The RAF intensively investigated these early Luftwaffe raids and based their own strategic campaign against Germany on the nature of these early raids.

Above: Fire damage in Swansea immediately after the attacks of February 1941.

The Luftwaffe attacking Welsh steel

The steelworks of the Welsh ports were of obvious interest to the early Luftwaffe investigators. Iron and steel were strategic materials for all sides. The Dowlais steelworks in Cardiff was a huge target. In fact it was so big that it was difficult to work out exactly where to hit it to cause most damage. The largest high quality bombs were reserved for targets like this (500kg or more), with hard steel noses to penetrate concrete roofs. Incediary bombs were not very effective against industrial targets.

I cover Cardiff as a Luftwaffe target in Chapter 5 of Eye of the Eagle: Luftwaffe Intelligence and the South Wales Ports 1939-1941.

Above: The Dowlais steelworks as depicted in the Militärgeographische Einzelangaben from 1940. A difficult target to attack which required special bombs of larger size and hardened casings to penetrate concrete walls and floors. Incendiaries were practically pointless against a steelworks. There was also a need to attack at a lower altitude to increase accuracy. The presence of a couple of barrage balloons would frequently discourage crews from flying al lower altitudes.

Port Talbot and the Luftwaffe

Port Talbot is covered in Chapter 8 of Eye of the Eagle: Luftwaffe Intelligence and the South Wales ports, 1939-1941.

Port Talbot (Aberafan) has a long history as a port, although much of the town’s historic identity is swallowed up by the dominant steelworks . Coal was moved down the Afan Valley to a site originally known as Llewellyn’s Quay, probably from the 1600s or earlier. By the 1750s, a tram line had replaced the pack horse route, and by 1811, iron was also being moved through the valley. Copper ore was imported for the copper works at Cwmafan by the 1830s, and a wharf near Llewellyn’s Quay was built to handle ore (the original Copper Works Wharf).

Port Talbot was identified as a port of interest because of the two large integrated steelworks.
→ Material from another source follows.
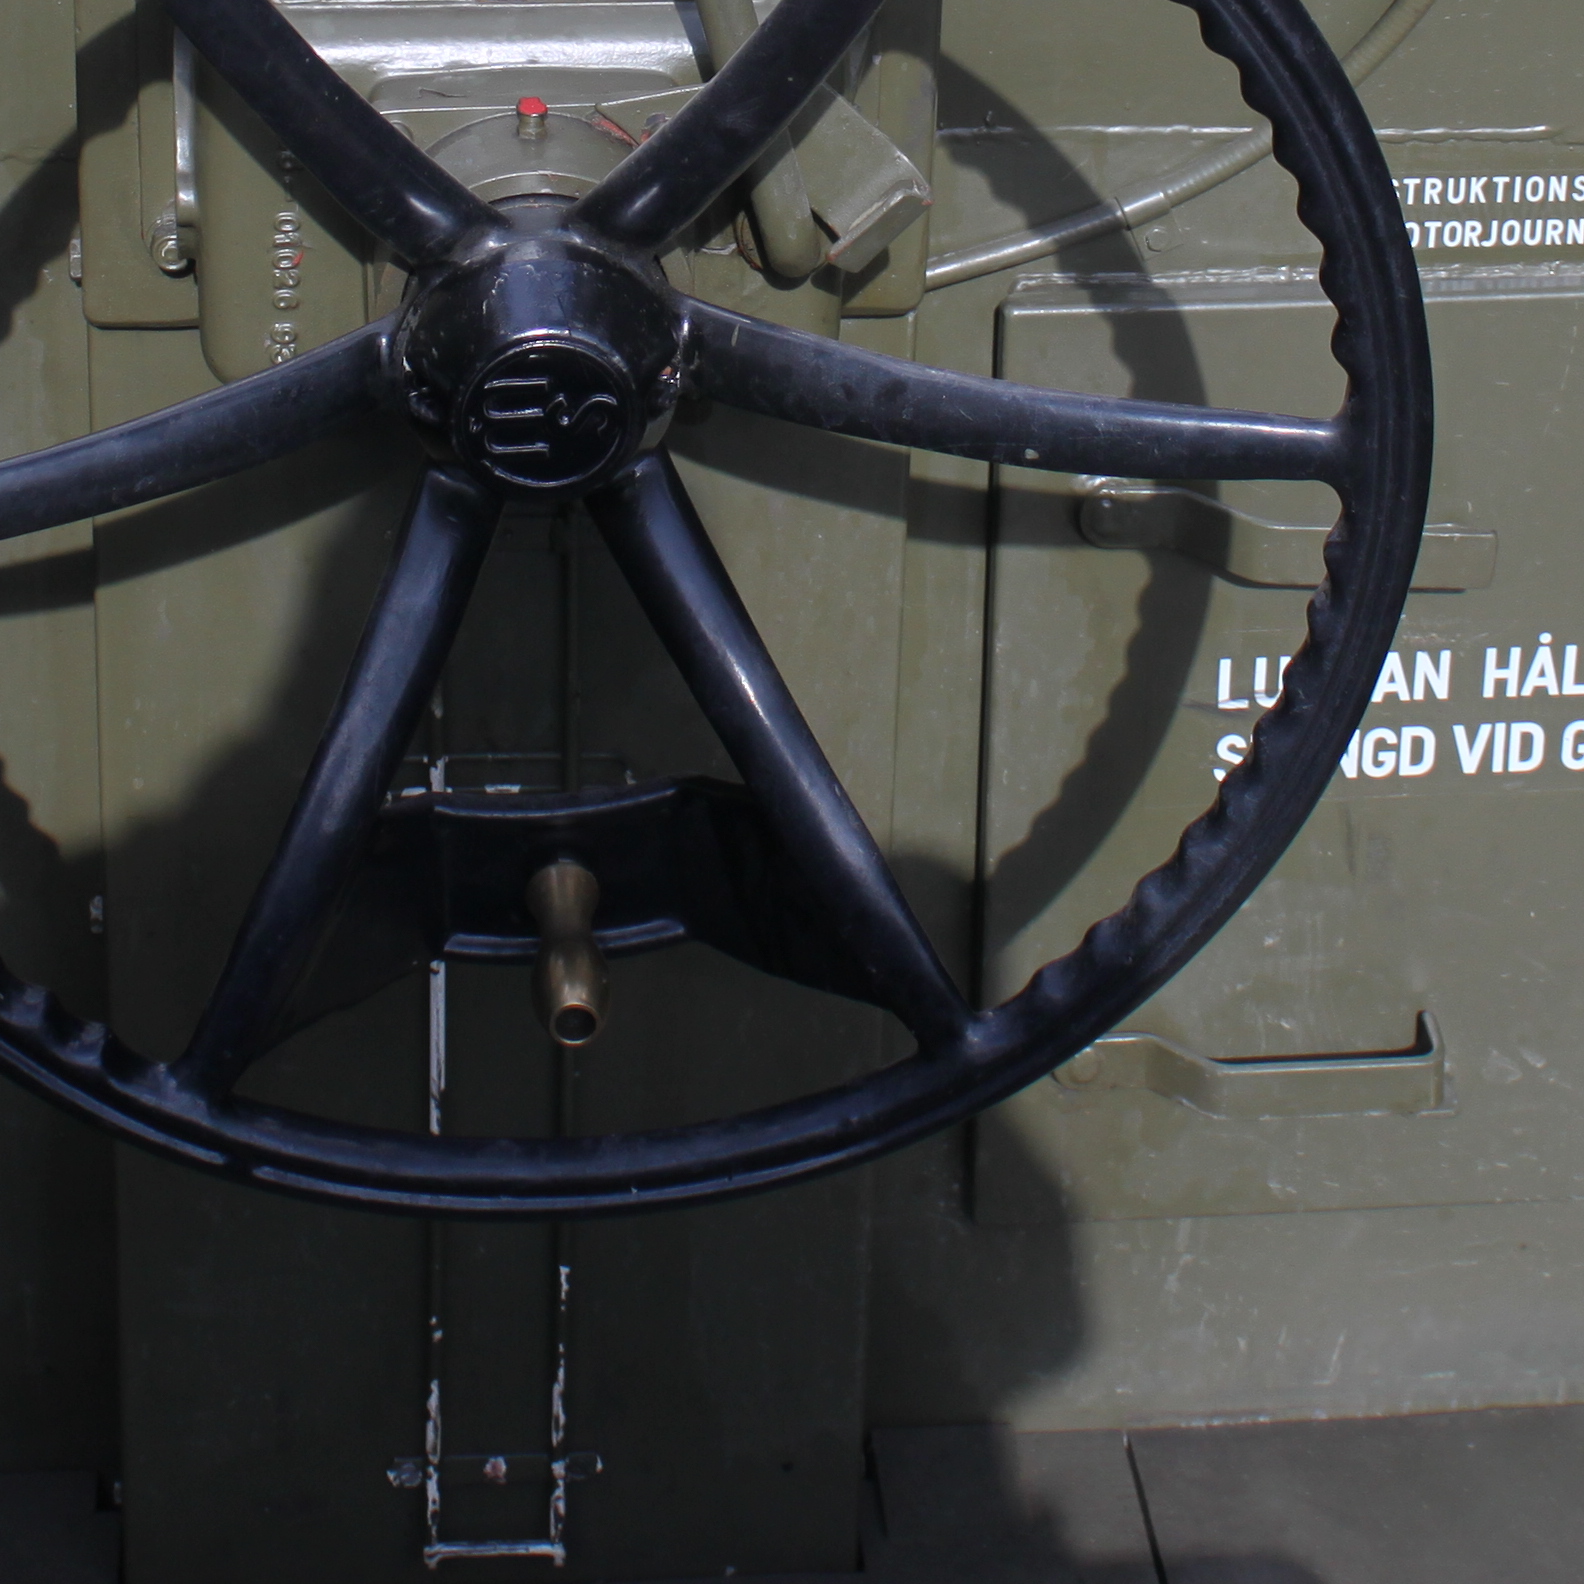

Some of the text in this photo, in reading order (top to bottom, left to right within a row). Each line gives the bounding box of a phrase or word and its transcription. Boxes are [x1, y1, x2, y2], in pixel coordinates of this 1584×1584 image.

[1218, 649, 1452, 710] LUAN
[1213, 724, 1437, 781] SNGD
[1452, 722, 1546, 775] VID
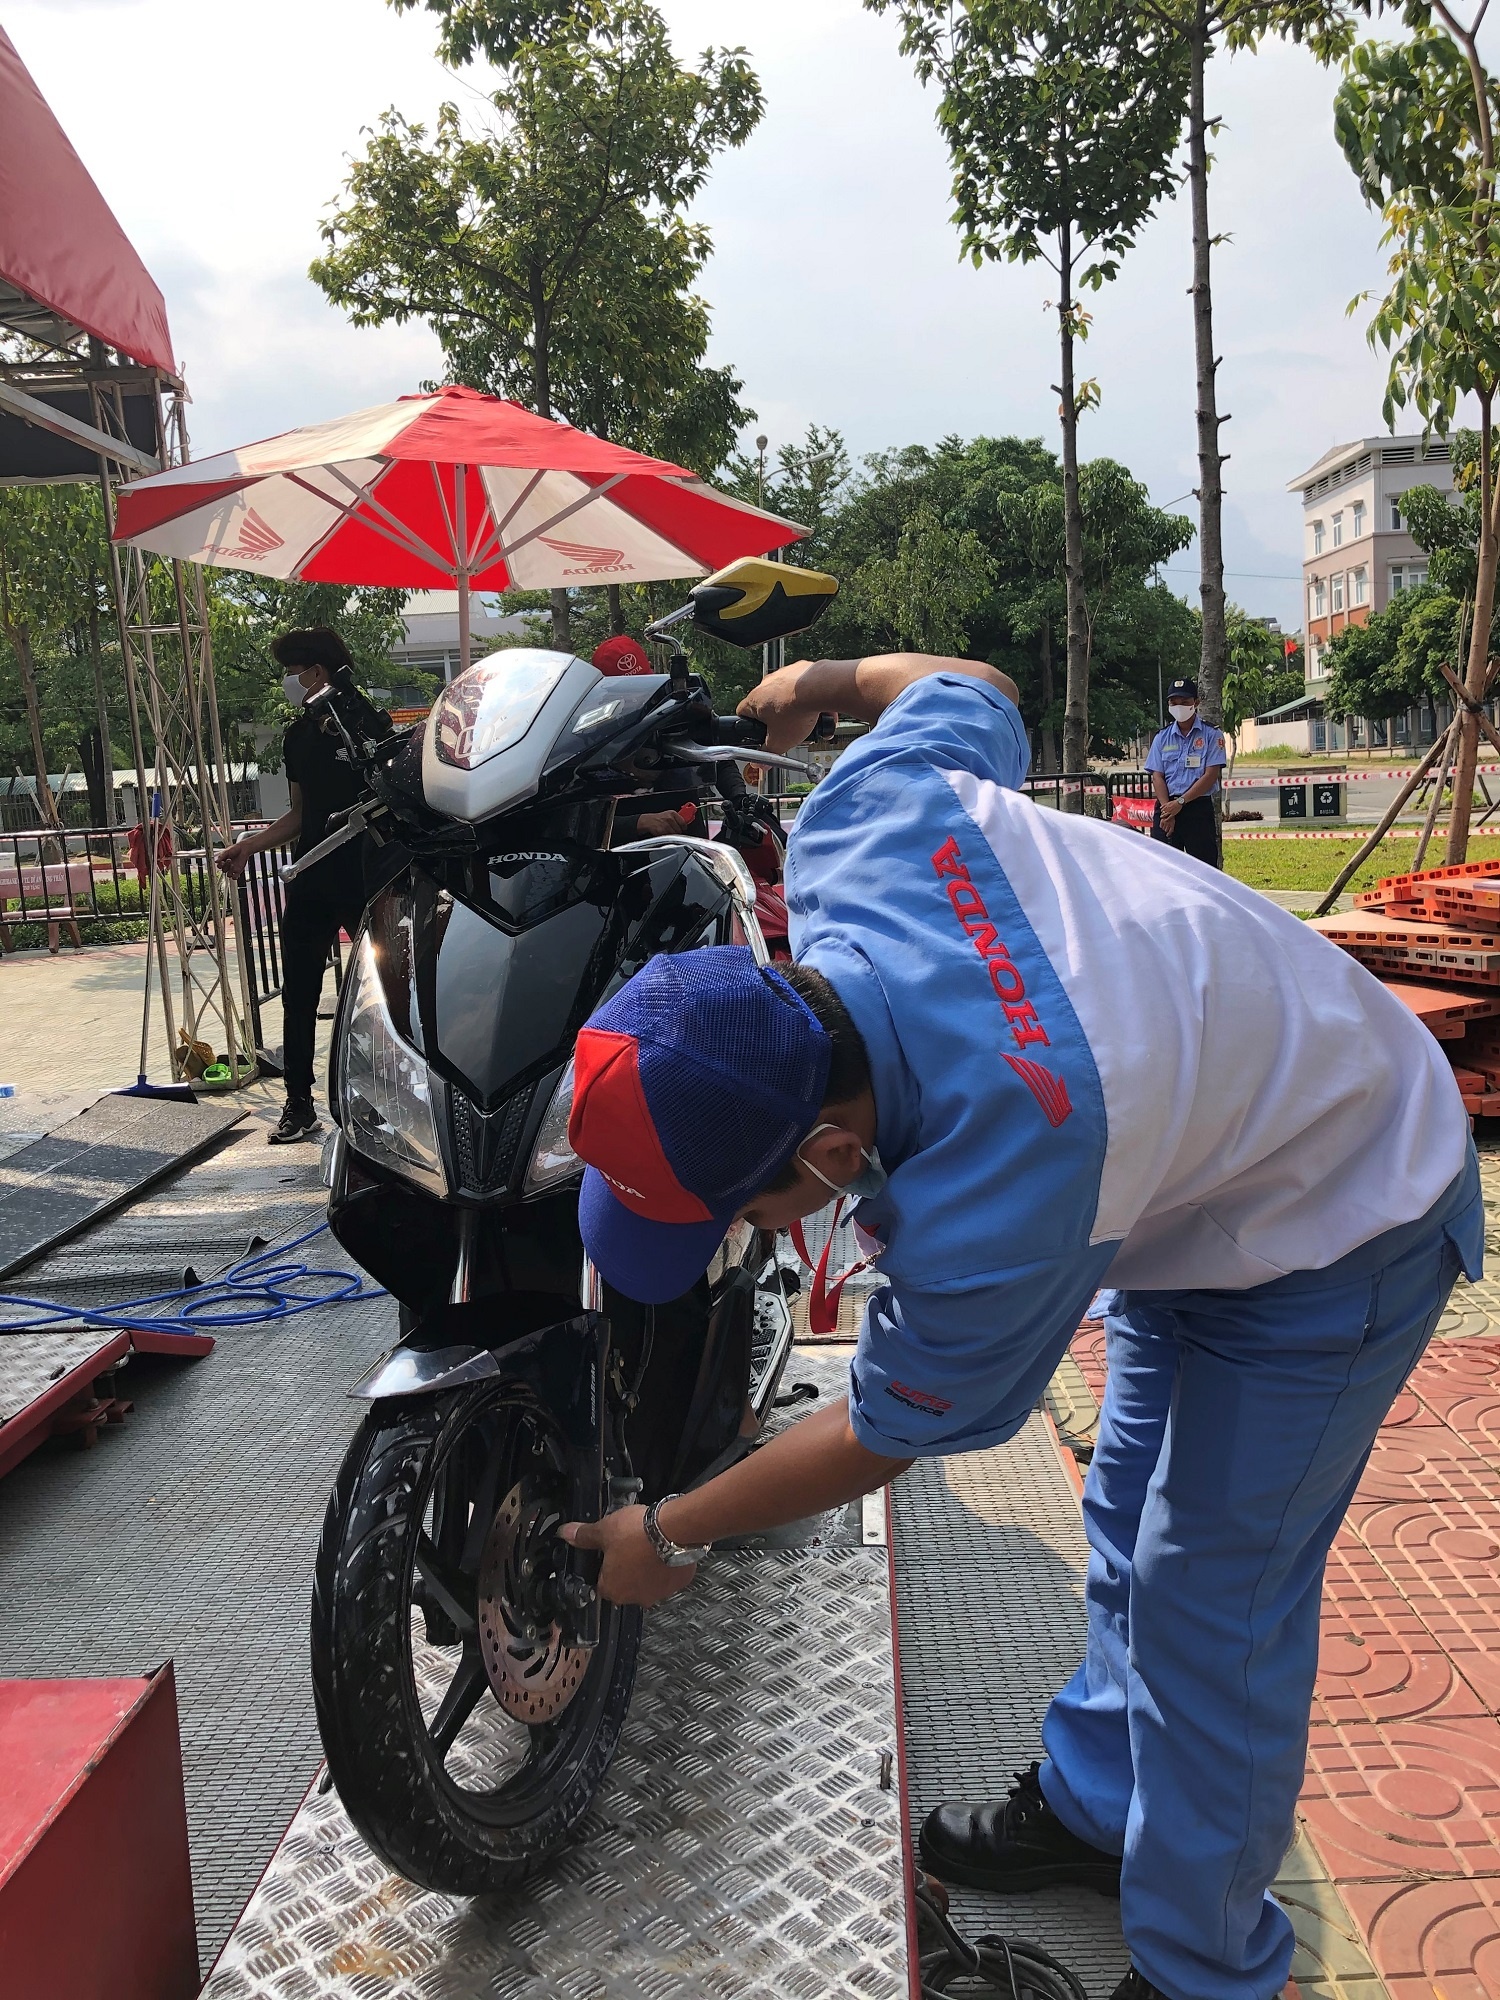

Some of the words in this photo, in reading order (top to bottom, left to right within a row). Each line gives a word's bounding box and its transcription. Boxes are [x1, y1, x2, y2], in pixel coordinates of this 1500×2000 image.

The dock was also considered vulnerable because it could be destroyed by bombs on the lock gate and entrance.

Above: Port Talbot from Luftwaffe intelligence records created in 1938-39.

Swansea 1940, the first Luftwaffe images

The first direct reconnaissance images of Wales were taken on 1 July 1940 from Luftwaffe reconnaissance aircraft taking off from Jersey only hours after they had actually occupied the airport after the surrender off France.

The aircraft was a Do 17P from second Staffel of Fernaufklärungsgruppe 123 Der Adler mit dem Fernrohr,(The Eagle with the Telescope). This image is from that initial mission. The open fields of Mumbles are seen in the fine summer of 1940 with the open lands of the commons on the left side. The wreck of the SS Protesilaus can be seen on the sands at West Cross in the Bay.

Clyne Valley is still intensely wooded and the fields and gardens of western Swansea are still free from the urban density that we see today.